I used the power of my mind to envision any crime-fighting equations, which had 357 variables. Although it was easy for me to do the math, it took me a few minutes to solve the equation, because there were so many variables and a lot of complex operations. Apart from he data he had given me, I had to determine the values of several hundred more variables, based on a variety of statistics I had memorized about New York City. The process was exceedingly complex and required all of my formidable powers of concentration. After a few minutes of organizing the numbers in my head, I executed the equation and calculated an answer.
"I solved it!" I said. "The murderer is a man and lives near 545 East 13th street and is currently at home. He is probably a plumber or a carpenter with a criminal history. He has a wife and family. He is an alcoholic who abuses his wife."

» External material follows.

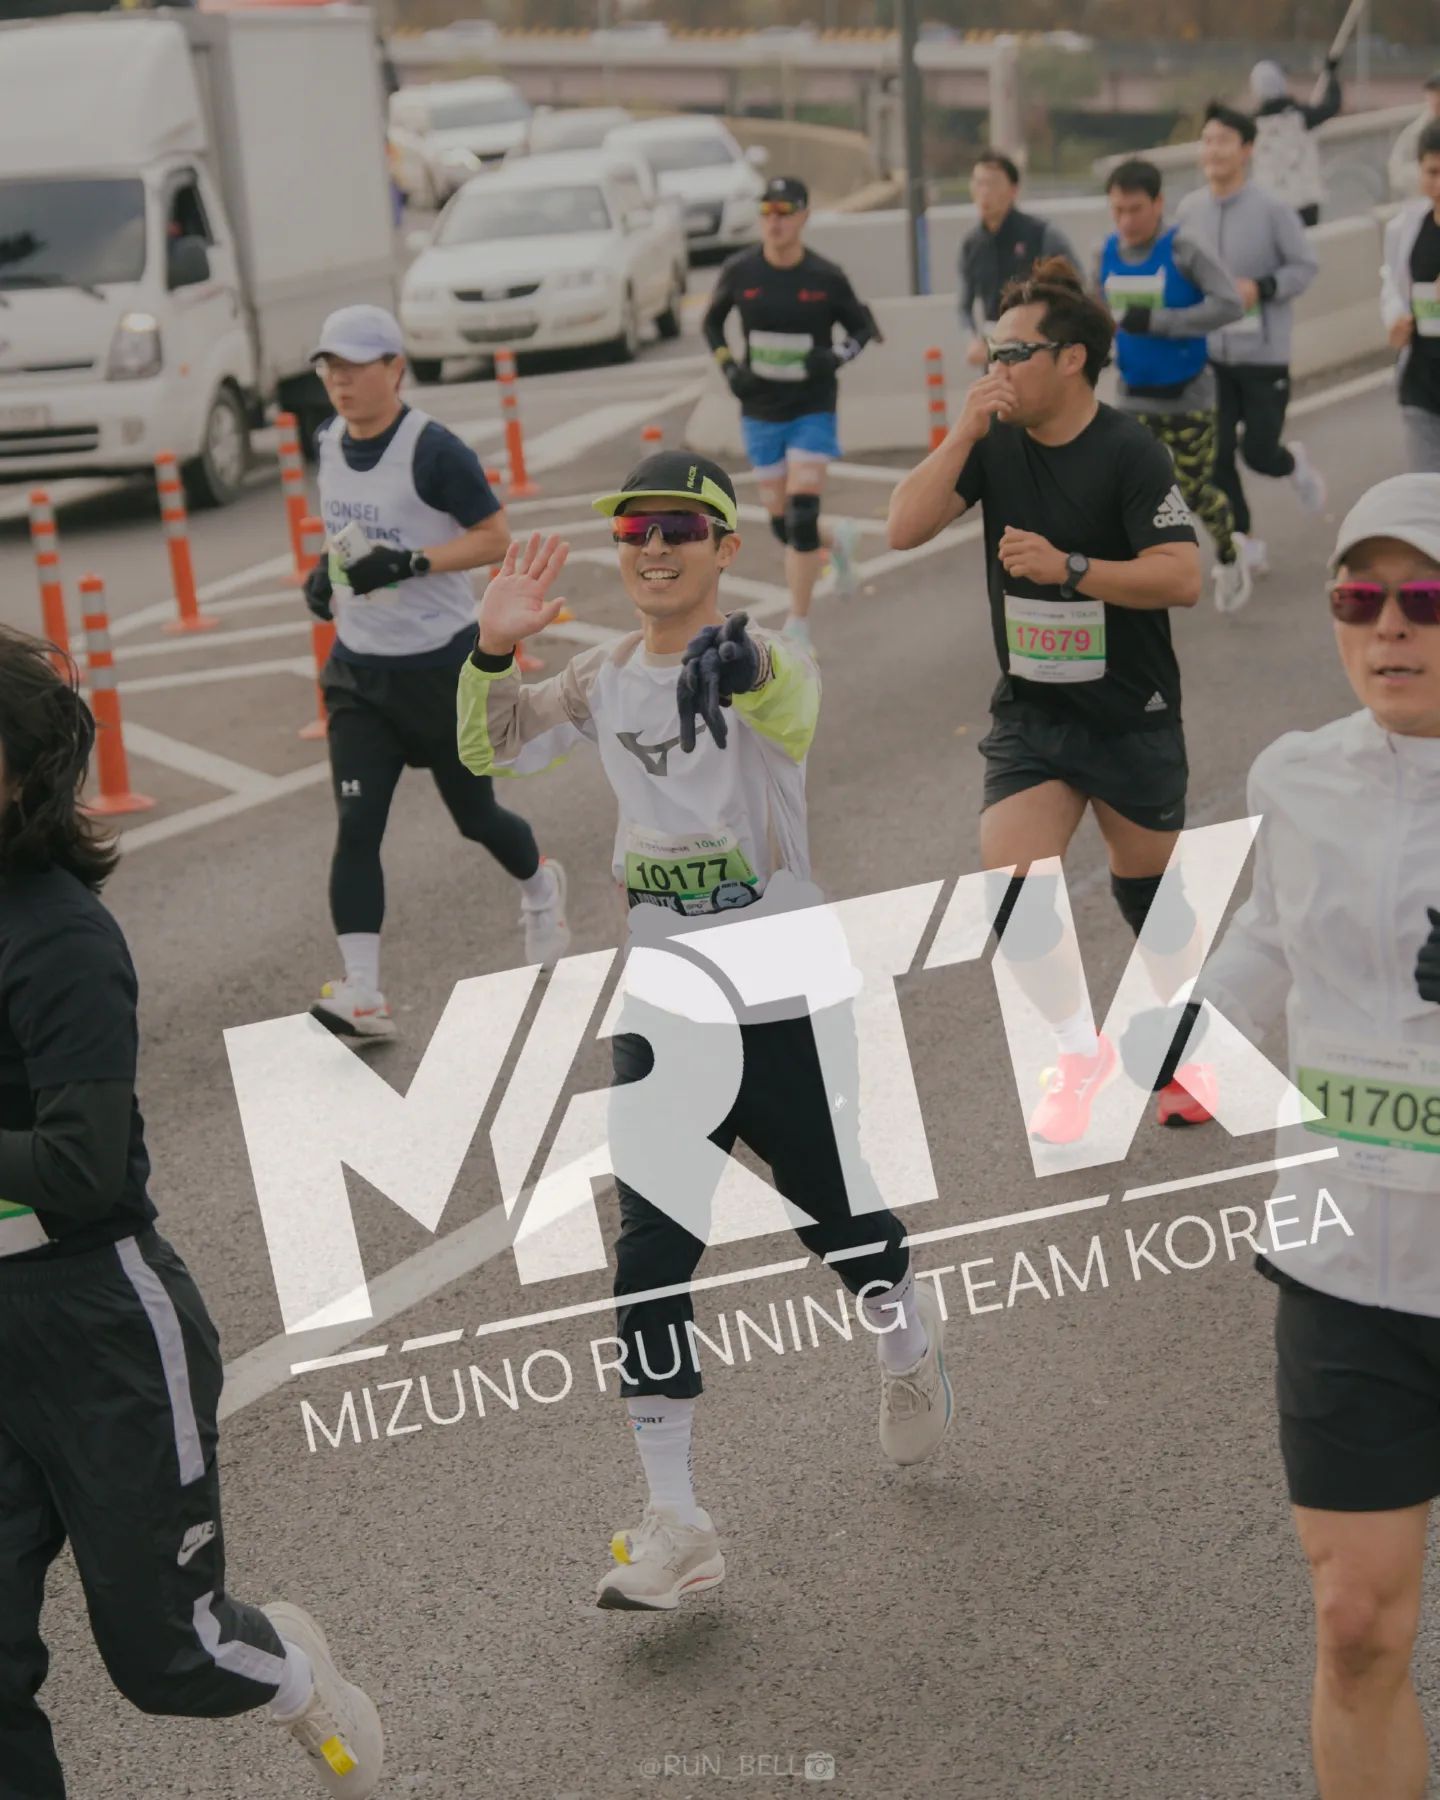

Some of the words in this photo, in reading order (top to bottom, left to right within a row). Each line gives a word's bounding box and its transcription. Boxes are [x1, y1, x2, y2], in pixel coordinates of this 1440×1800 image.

- Another equally ridiculous "equation" of Trueman's predicts how long it will be before someone will pass by. Using this, for example, he can be relatively certain that he has a certain number of minutes to do something without being seen. The math behind it is supposedly based on probability and the average number of people who will pass in any given time. But, that doesn't make sense because presumably the different events are independent. So, if someone passes by at a certain moment, that does not mean that it is suddenly unlikely that someone else will pass by shortly afterwards. This is a version of the Gambler's Fallacy. [Speaking of gambling,
even if he is good at counting cards, there is no way that Trueman could get a royal flush in every hand of a poker game.]
Silliest of all is the equation (turned into an app he can wear on his wrist) that tells him exactly what to do at every moment in order to achieve his goal. For example, when caught in a bad situation with some gangsters at a bar, the app tells him he must throw a drink at one gangster. As a result, he is taken to the kingpin, and following the app's advice, he insults the kingpin who sends him up with some thugs in an elevator to be killed...but then the app tells him to call a certain number and let it ring twice, which is apparently a secret message known to the thugs and he is able to escape. So the counter-intuitive advice generated by a mathematical formula he devised was able to tell him how to escape from that dangerous situation. In other words, we are essentially asked to believe that this equation is able to predict the future, including the decisions and actions of people, and select the optimal "path" to the desired outcome. (That seems to contradict Trueman's earlier remarks about numbers being more understandable than people. If such an equation really was possible, wouldn't that necessarily mean that human behavior was mathematically describable?)
- I appreciate that the author squeezed in a bit about Ulam's Spiral which allows one to see the increased concentration of prime numbers along certain straight lines when the natural numbers are arranged in a spiral grid and the squares corresponding to primes are colored in. As far as I know, this is the first (and only) time it has been mentioned in fiction. However, there is no sensible way in which that would help Trueman to visualize the location of pay phones in Manhattan, even if the number of pay phones happens to be prime.
Note: It was Vijay Fafat who told me about this work of mathematical fiction way back in 2012. However, his e-mail message arrived at an unfortunate time and was misplaced. I only rediscovered that message in 2021 and am working my way through the many suggestions it contained. I am very grateful to Vijay for the suggestion and also very sorry that it has taken me so long to act upon it.